From what we can see in Cameron Highlands, huge-scale and uncontrolled illegal farming have caused destructive landslides. We also witnessed the catastrophic consequences of the extreme weather patterns due to climate change in Penang on Nov 4, 2017.
It is unexpectedly shocking that the most intense and most serious landslides had occurred in the forests reserves around Penang Hill where there are no development projects.
This has raised the alarm for all the relevant authorities which must then ensure the safety of the land slopes and residents in the developed areas. Active monitoring and enforcement by relevant departments using the latest technology is therefore crucial.

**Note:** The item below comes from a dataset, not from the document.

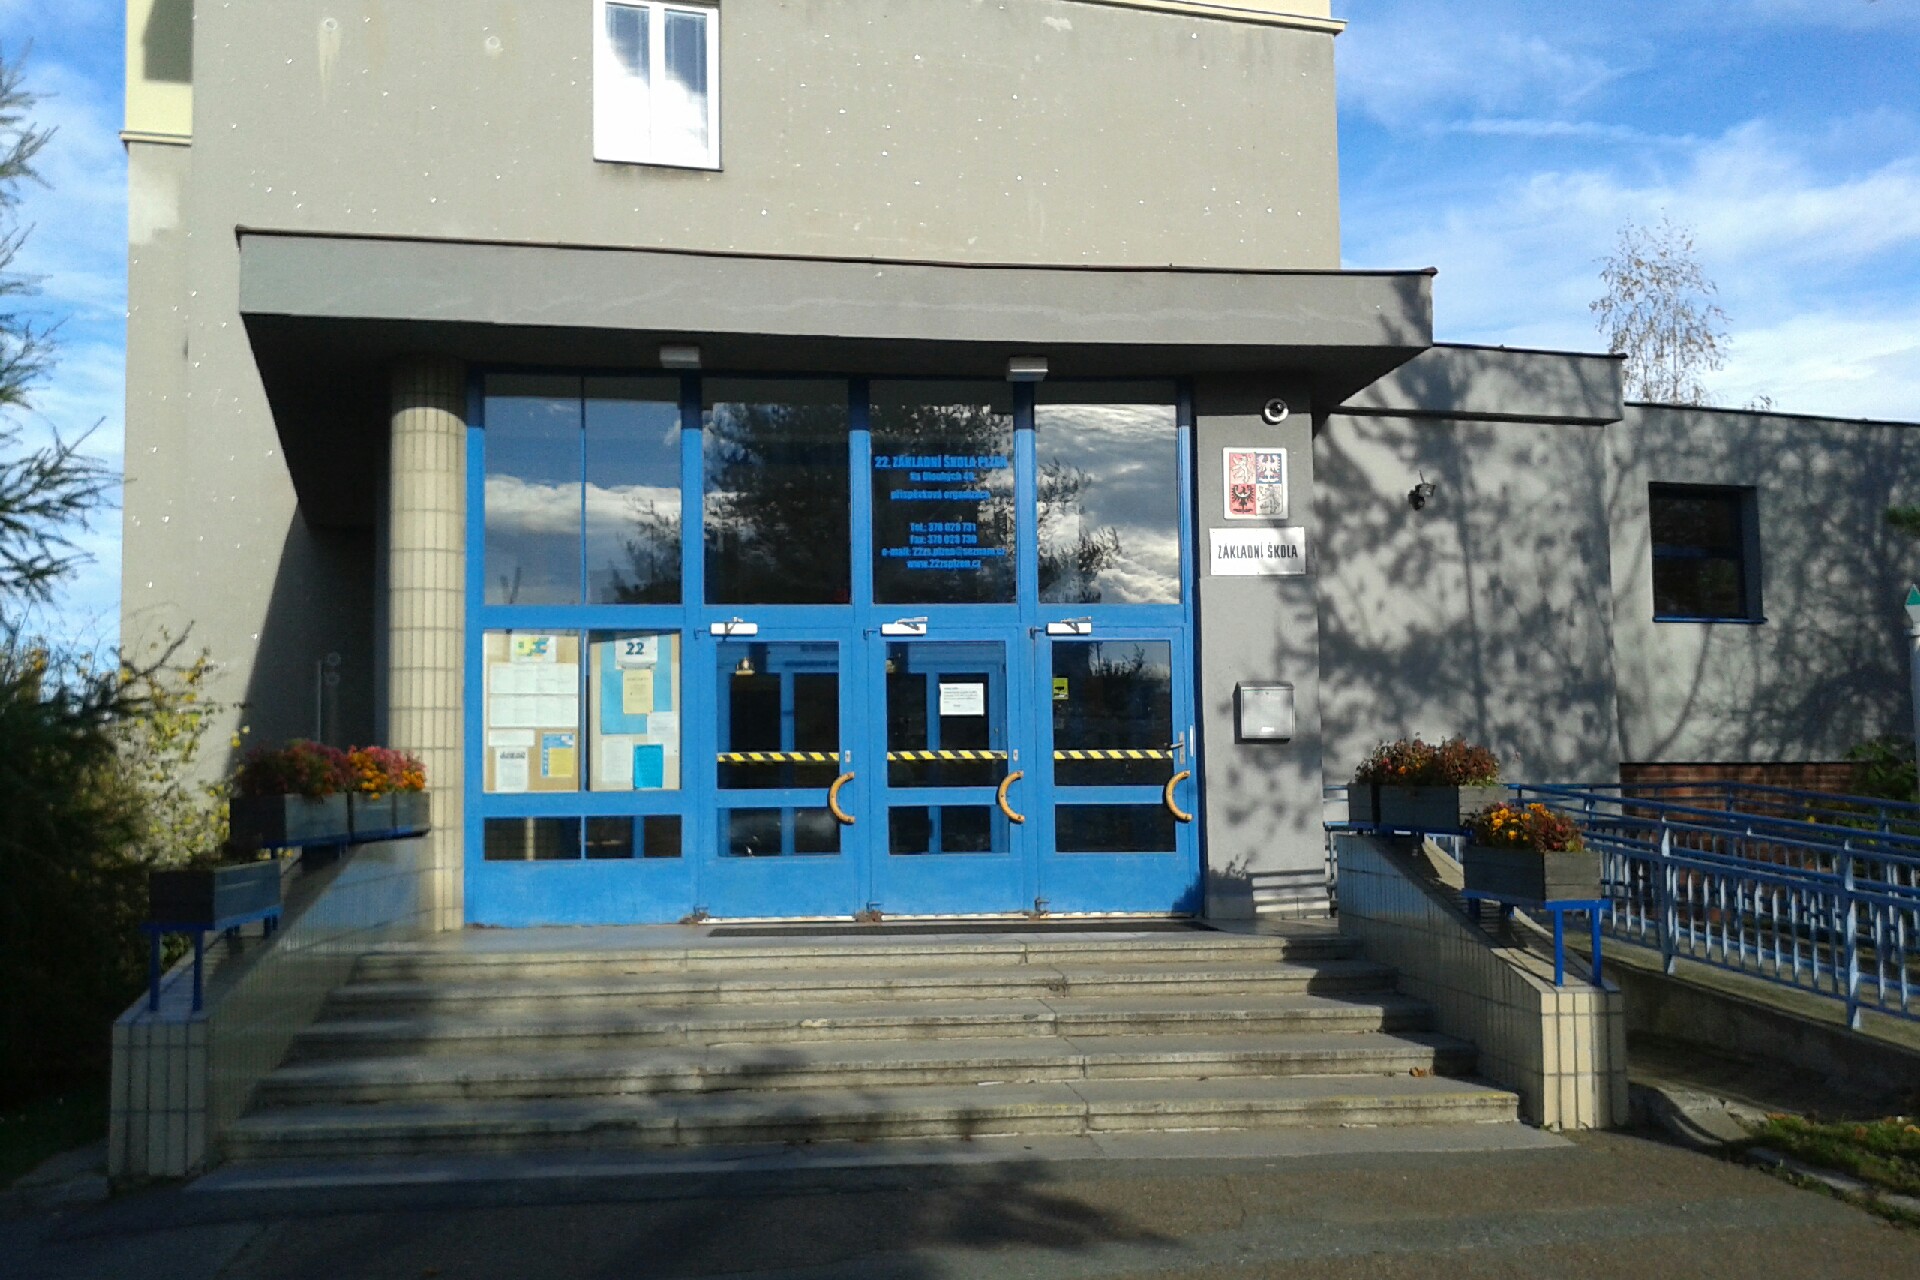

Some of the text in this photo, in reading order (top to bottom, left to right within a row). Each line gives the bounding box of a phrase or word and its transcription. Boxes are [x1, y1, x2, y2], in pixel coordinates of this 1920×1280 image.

[875, 456, 890, 468] 22.
[893, 454, 941, 468] ZÁKLADNÍ
[1218, 542, 1298, 559] ZÁKLADNÍ ŠKOLA
[626, 642, 645, 655] 22
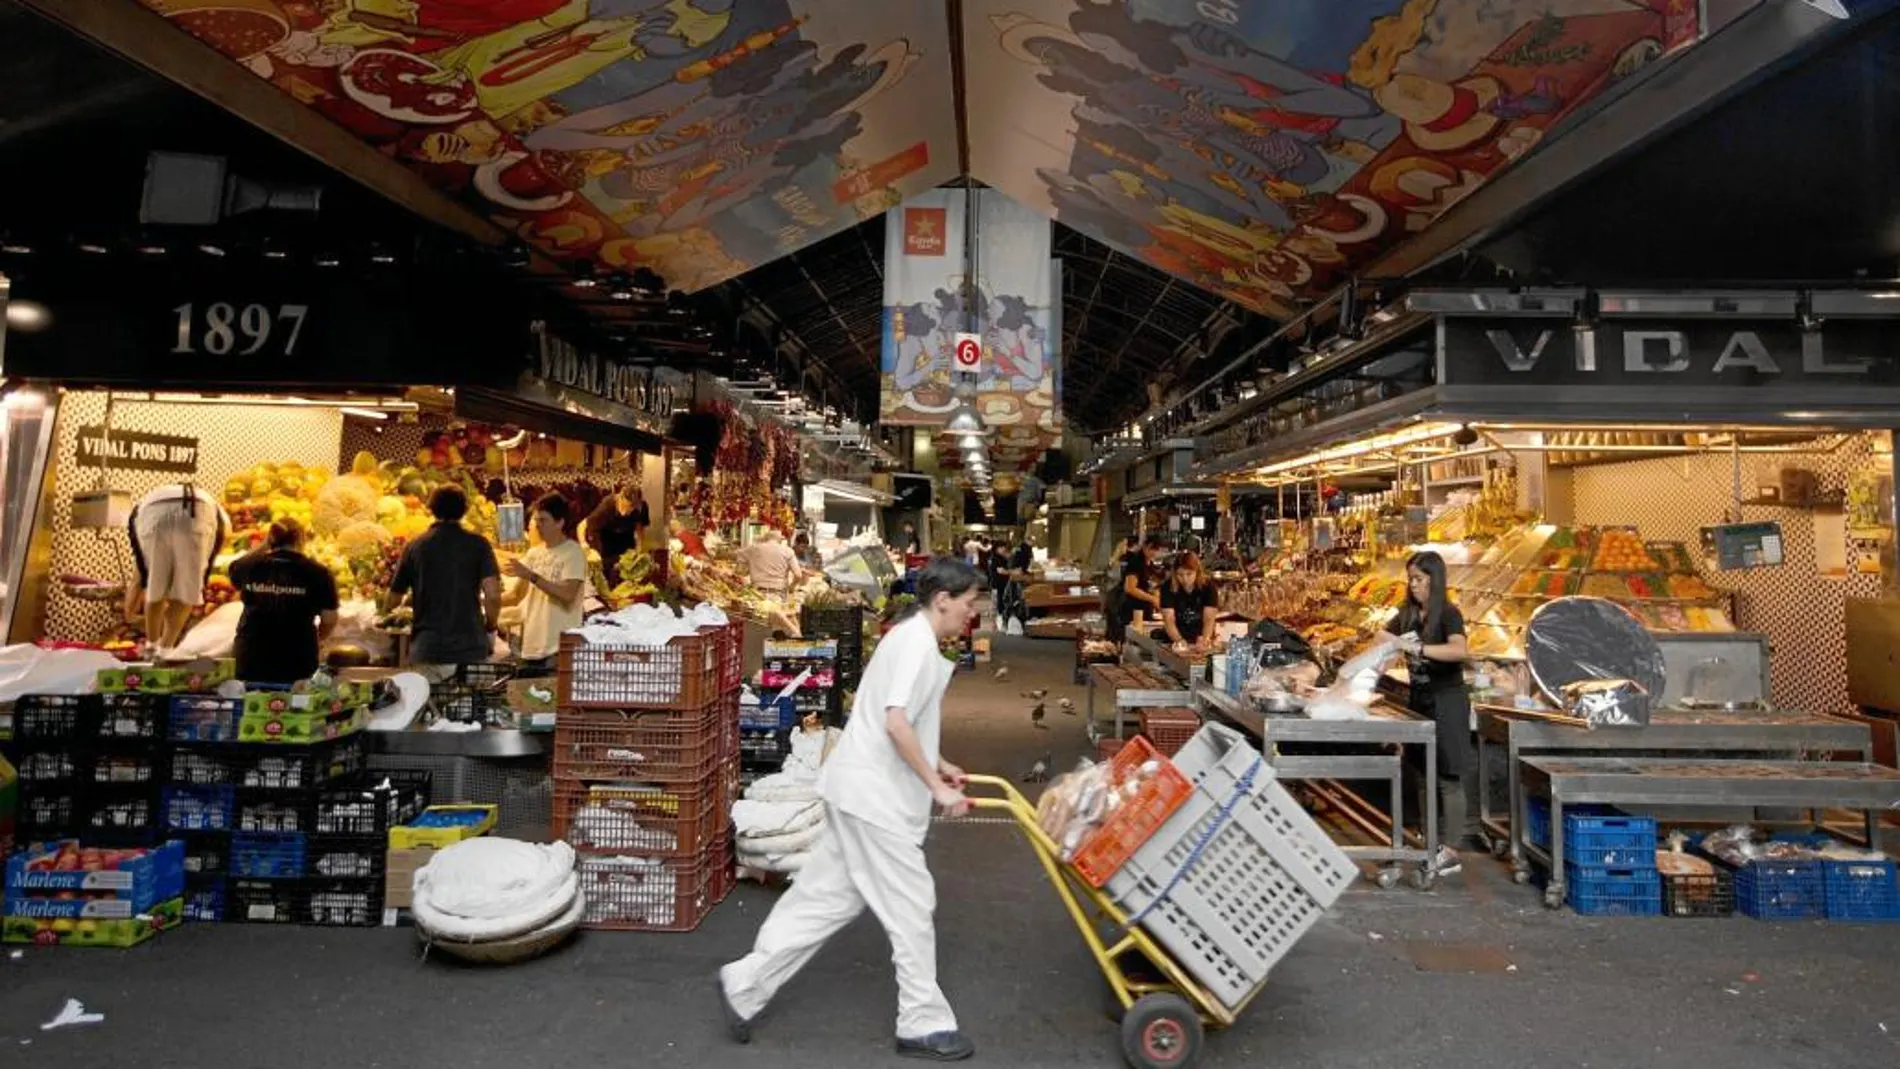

Finally, the RM10 million state allocations also include climate change study.
Forests are deeply connected to climate change. A great deal of research has shown that deforestation causes increase of temperature, reduced rainfall, intensified droughts, and forest fire.
Trees also absorb carbon dioxide – the gas that we released through vehicles, factory combustion, and indirectly through the use of electricity. Maintaining our forests can, therefore, slow down global warming and stabilise climate change.
Protection of Penang’s forests is the restless effort of its people. In addition to scientists who use facts and data to show us the beauty and importance of nature, we have citizens who protect the environment restlessly.
Safeguarding our forests is possible even if we are still developing. For example, China is replanting new forests as large as Ireland within this year to increase its forest coverage.
Although we still need to do a lot more for our forests, the state is nevertheless heading towards a green state with great momentum and great government commitments.
CHOW MEI MEI is a researcher for the Penang Green Council.
The views expressed here are those of the author/contributor and do not necessarily represent the views of Malaysiakini.